Curators Mirjam Thomann & Jenni Tischer at Krobath gallery are asking you to question the milieu that you inhabit (or that inhabits you) and curator Robert Müller at Galerie Emanuel Layr stages “Elevations,” turning the exhibition space into some mixture of speaker’s corner meets I-ain't-listening, featuring works by Ilya Lipkin, John Miller, Georgia Sagri and Tanja Widmann, among others.
Also, art historian Christina Bartosch, curator Andreas Krištof and art historian Nicole Scheyerer, each made a personal selection of their Top Picks of curated by_ which you can check out in our app.
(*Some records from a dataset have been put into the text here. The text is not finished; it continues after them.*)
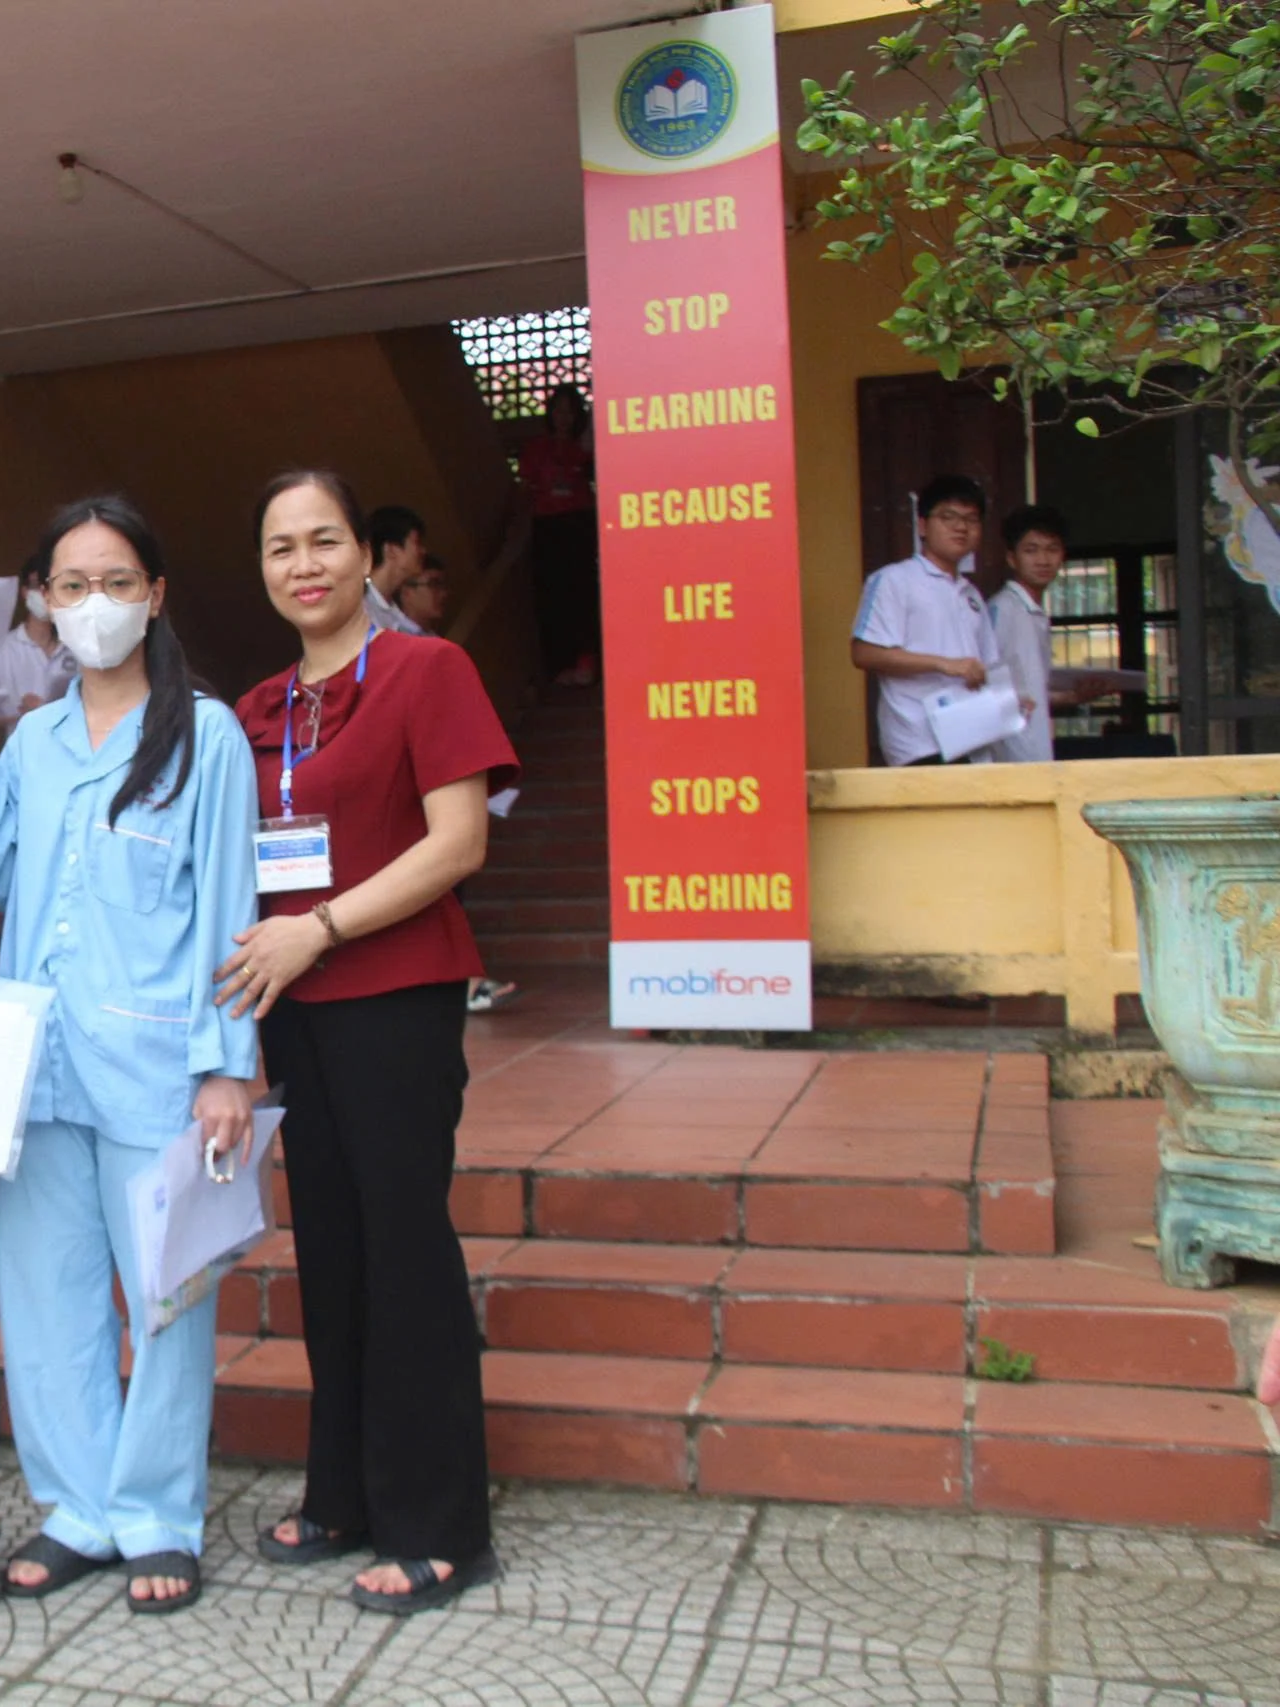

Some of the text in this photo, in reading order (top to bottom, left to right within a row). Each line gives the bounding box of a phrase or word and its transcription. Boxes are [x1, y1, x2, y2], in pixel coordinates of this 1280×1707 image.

[628, 195, 737, 243] NEVER
[644, 292, 730, 336] STOP
[608, 384, 778, 435] LEARNING
[620, 482, 773, 529] BECAUSE
[663, 582, 734, 623] LIFE
[647, 679, 758, 720] NEVER
[650, 776, 761, 817] STOPS
[624, 873, 793, 913] TEACHING
[629, 968, 792, 996] mobifone
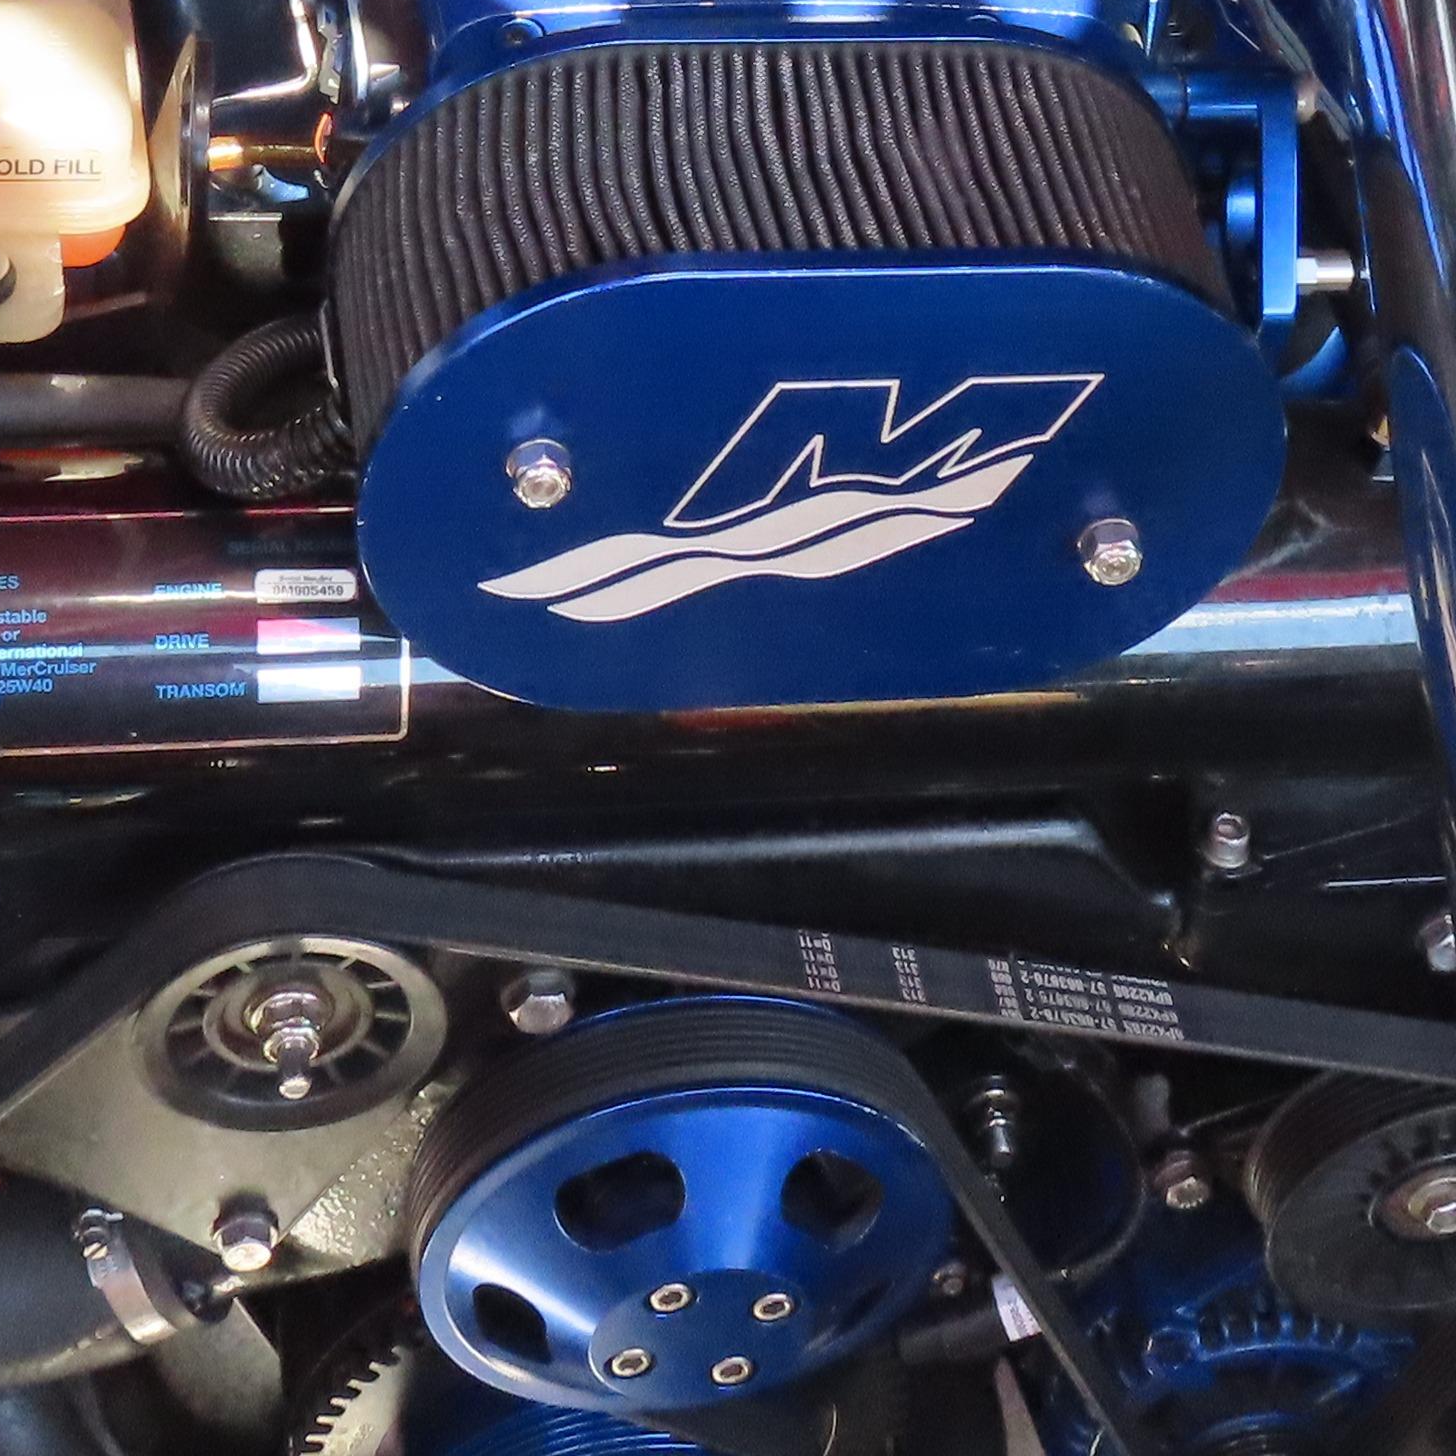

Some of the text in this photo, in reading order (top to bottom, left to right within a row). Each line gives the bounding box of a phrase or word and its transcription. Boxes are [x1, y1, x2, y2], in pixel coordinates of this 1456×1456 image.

[54, 159, 102, 175] FILL
[0, 630, 22, 643] or
[155, 633, 210, 650] DRIVE
[155, 681, 248, 699] TRANSOM
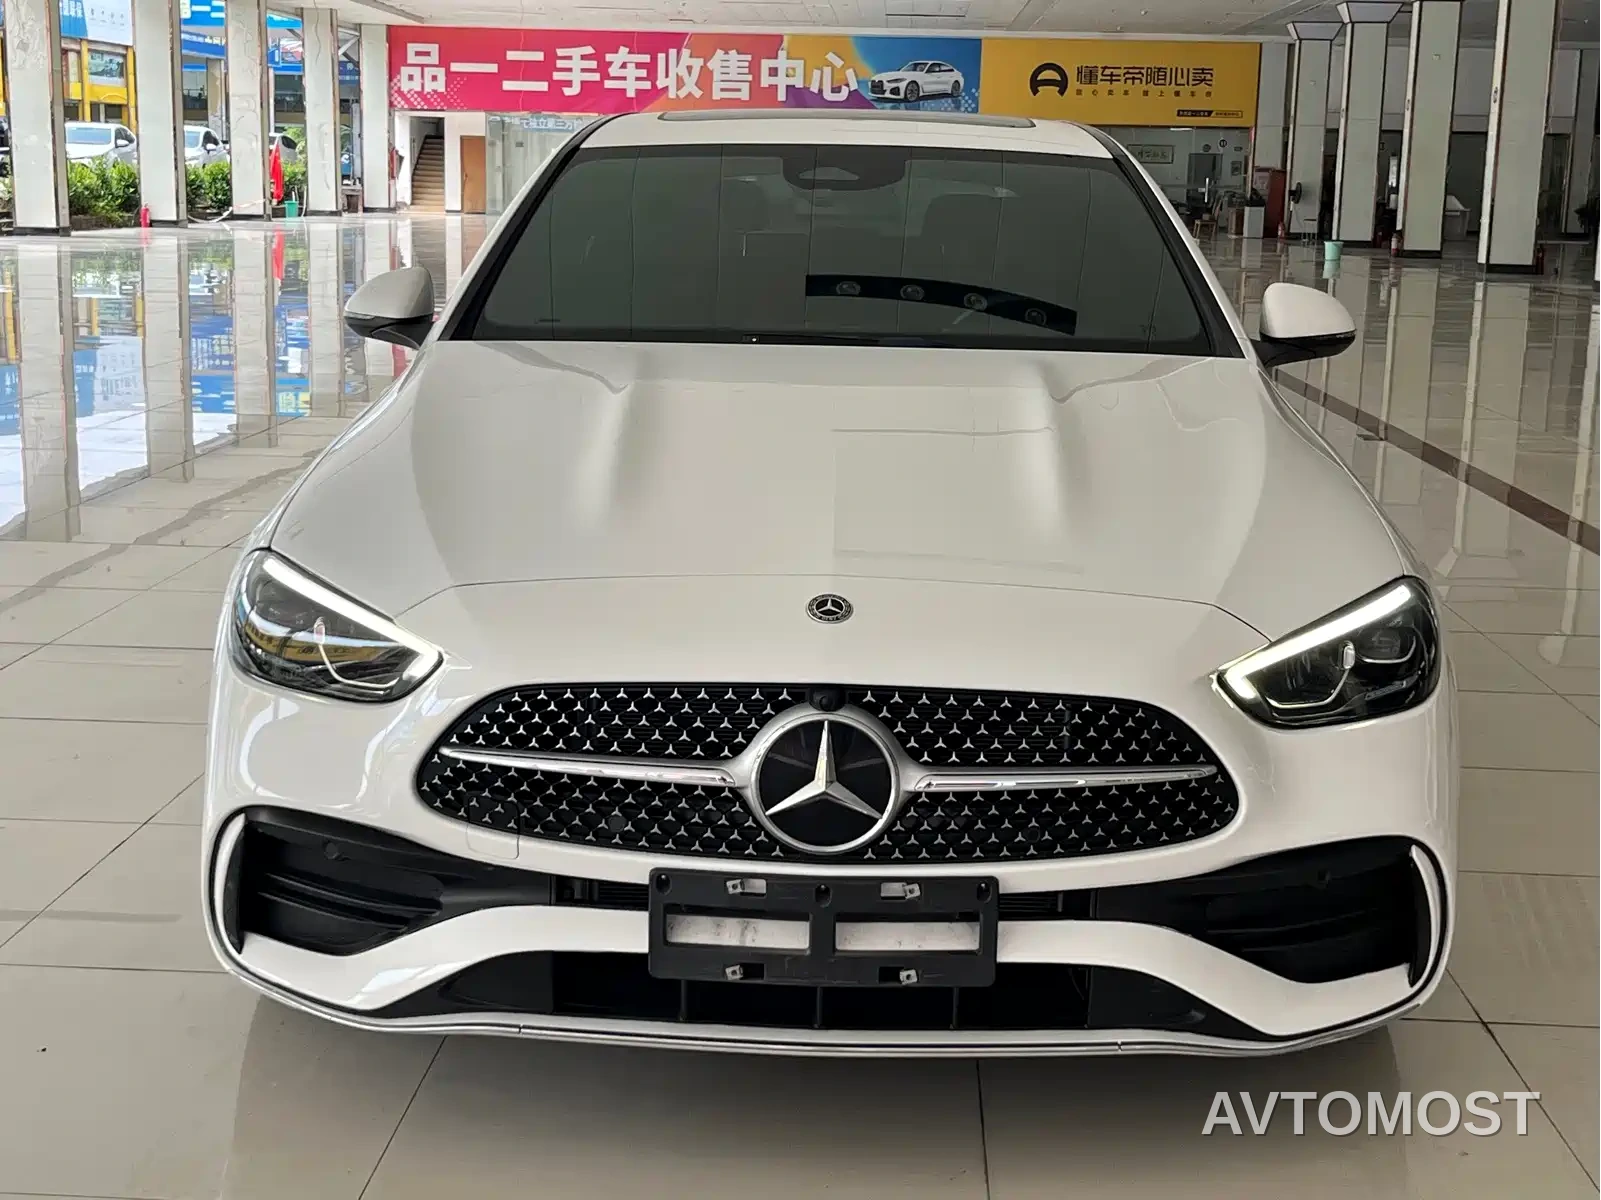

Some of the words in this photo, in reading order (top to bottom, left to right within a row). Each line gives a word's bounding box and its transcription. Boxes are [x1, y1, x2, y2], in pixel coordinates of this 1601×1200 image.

Like it wasn't enough, this is also happening:
Viennacontemporary, Austria's international art fair, runs from 27–30 September under the roof of iconic Marx Halle. Not only is it a good mix of international top players and up-and-coming galleries, representing their most exciting artists, but this year‘s viennacontemporary stands out in the crowded art calendar as a place for exciting events as well: hosting a series of talks titled “Where are we now?”, curated by Kimberly Bradley. The conversations and discussions will reflect upon the viability of current art-world models. “Living Images” will venture into the worlds of music and augmented reality, and the special presentation puts Armenia in the spotlight at Focus, curated by Sona Stepanyan.
Probably a bit less blazer and more l’art pour l’art, Parallel Vienna, the self-declared hybrid between art fair, exhibition platform, and artist studio opens its doors in a vacant office building from 25–30 September. Not only is it a cool place to hang, but they also usually got a load of parties, talks, and events.
Enjoy the late summer – not only in Vienna.